(Collected data)
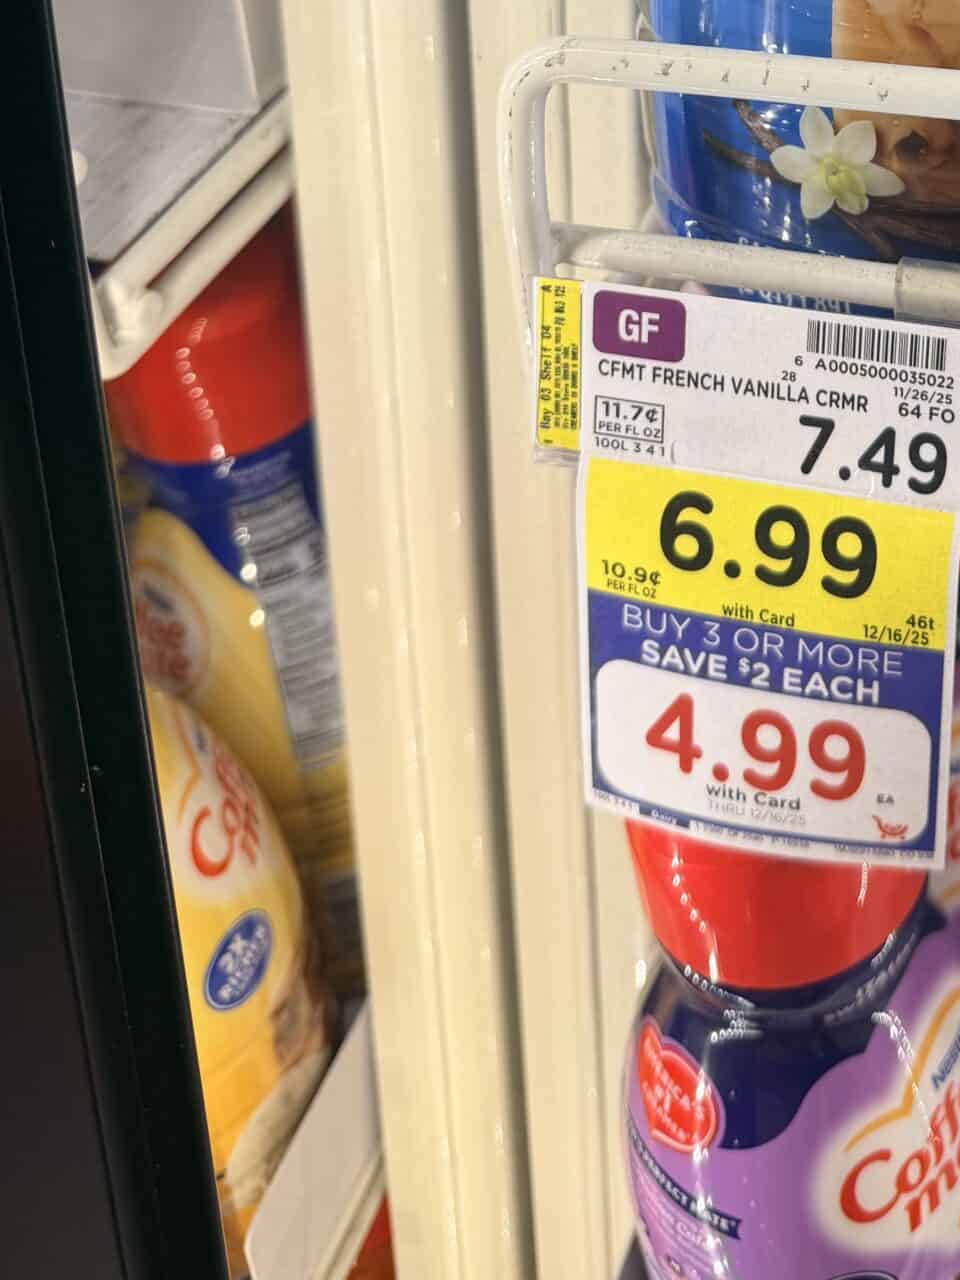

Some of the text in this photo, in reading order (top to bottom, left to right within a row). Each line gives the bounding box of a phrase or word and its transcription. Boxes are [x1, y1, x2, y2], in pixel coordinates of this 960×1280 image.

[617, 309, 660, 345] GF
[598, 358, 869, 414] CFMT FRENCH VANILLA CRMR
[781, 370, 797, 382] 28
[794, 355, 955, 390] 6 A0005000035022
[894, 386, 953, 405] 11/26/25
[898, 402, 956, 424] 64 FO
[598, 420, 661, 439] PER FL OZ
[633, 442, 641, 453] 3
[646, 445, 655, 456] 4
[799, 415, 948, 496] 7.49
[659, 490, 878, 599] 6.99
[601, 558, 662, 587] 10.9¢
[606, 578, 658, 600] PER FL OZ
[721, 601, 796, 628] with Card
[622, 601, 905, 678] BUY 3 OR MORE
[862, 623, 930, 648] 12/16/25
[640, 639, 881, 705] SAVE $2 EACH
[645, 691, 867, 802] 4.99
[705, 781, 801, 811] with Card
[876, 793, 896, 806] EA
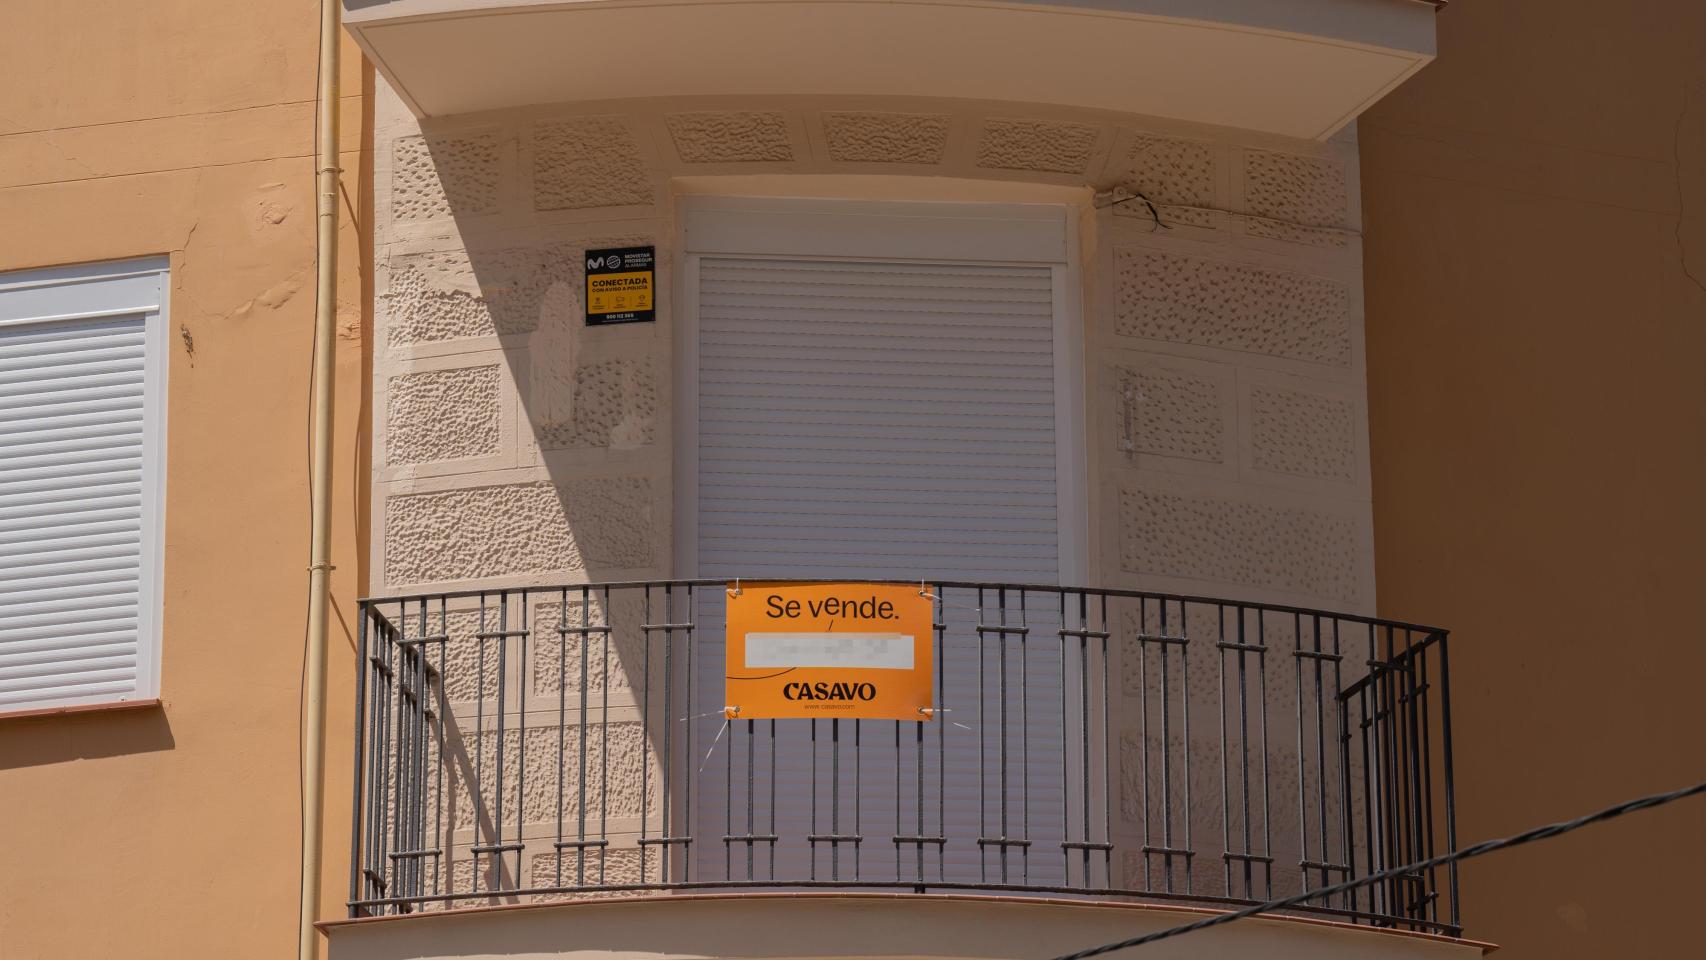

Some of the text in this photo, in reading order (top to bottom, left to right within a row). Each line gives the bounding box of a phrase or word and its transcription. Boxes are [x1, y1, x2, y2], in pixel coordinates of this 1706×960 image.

§ **TASK TO CARRY OUT**: Please output every record above exactly. Leave the pictures out.

§ **SOLUTION BELOW**:
Some of the text in this photo, in reading order (top to bottom, left to right within a row). Each line gives the bounding box of a phrase or word and its transcription. Boxes are [x1, y1, x2, y2], in pixel coordinates of this 960×1280 image.

[617, 309, 660, 345] GF
[598, 358, 869, 414] CFMT FRENCH VANILLA CRMR
[781, 370, 797, 382] 28
[794, 355, 955, 390] 6 A0005000035022
[894, 386, 953, 405] 11/26/25
[898, 402, 956, 424] 64 FO
[598, 420, 661, 439] PER FL OZ
[633, 442, 641, 453] 3
[646, 445, 655, 456] 4
[799, 415, 948, 496] 7.49
[659, 490, 878, 599] 6.99
[601, 558, 662, 587] 10.9¢
[606, 578, 658, 600] PER FL OZ
[721, 601, 796, 628] with Card
[622, 601, 905, 678] BUY 3 OR MORE
[862, 623, 930, 648] 12/16/25
[640, 639, 881, 705] SAVE $2 EACH
[645, 691, 867, 802] 4.99
[705, 781, 801, 811] with Card
[876, 793, 896, 806] EA

Some of the text in this photo, in reading order (top to bottom, left to right within a row). Each line gives the bounding box of a phrase or word and its transcription. Boxes are [x1, y1, x2, y2], in pixel coordinates of this 1706×960 image.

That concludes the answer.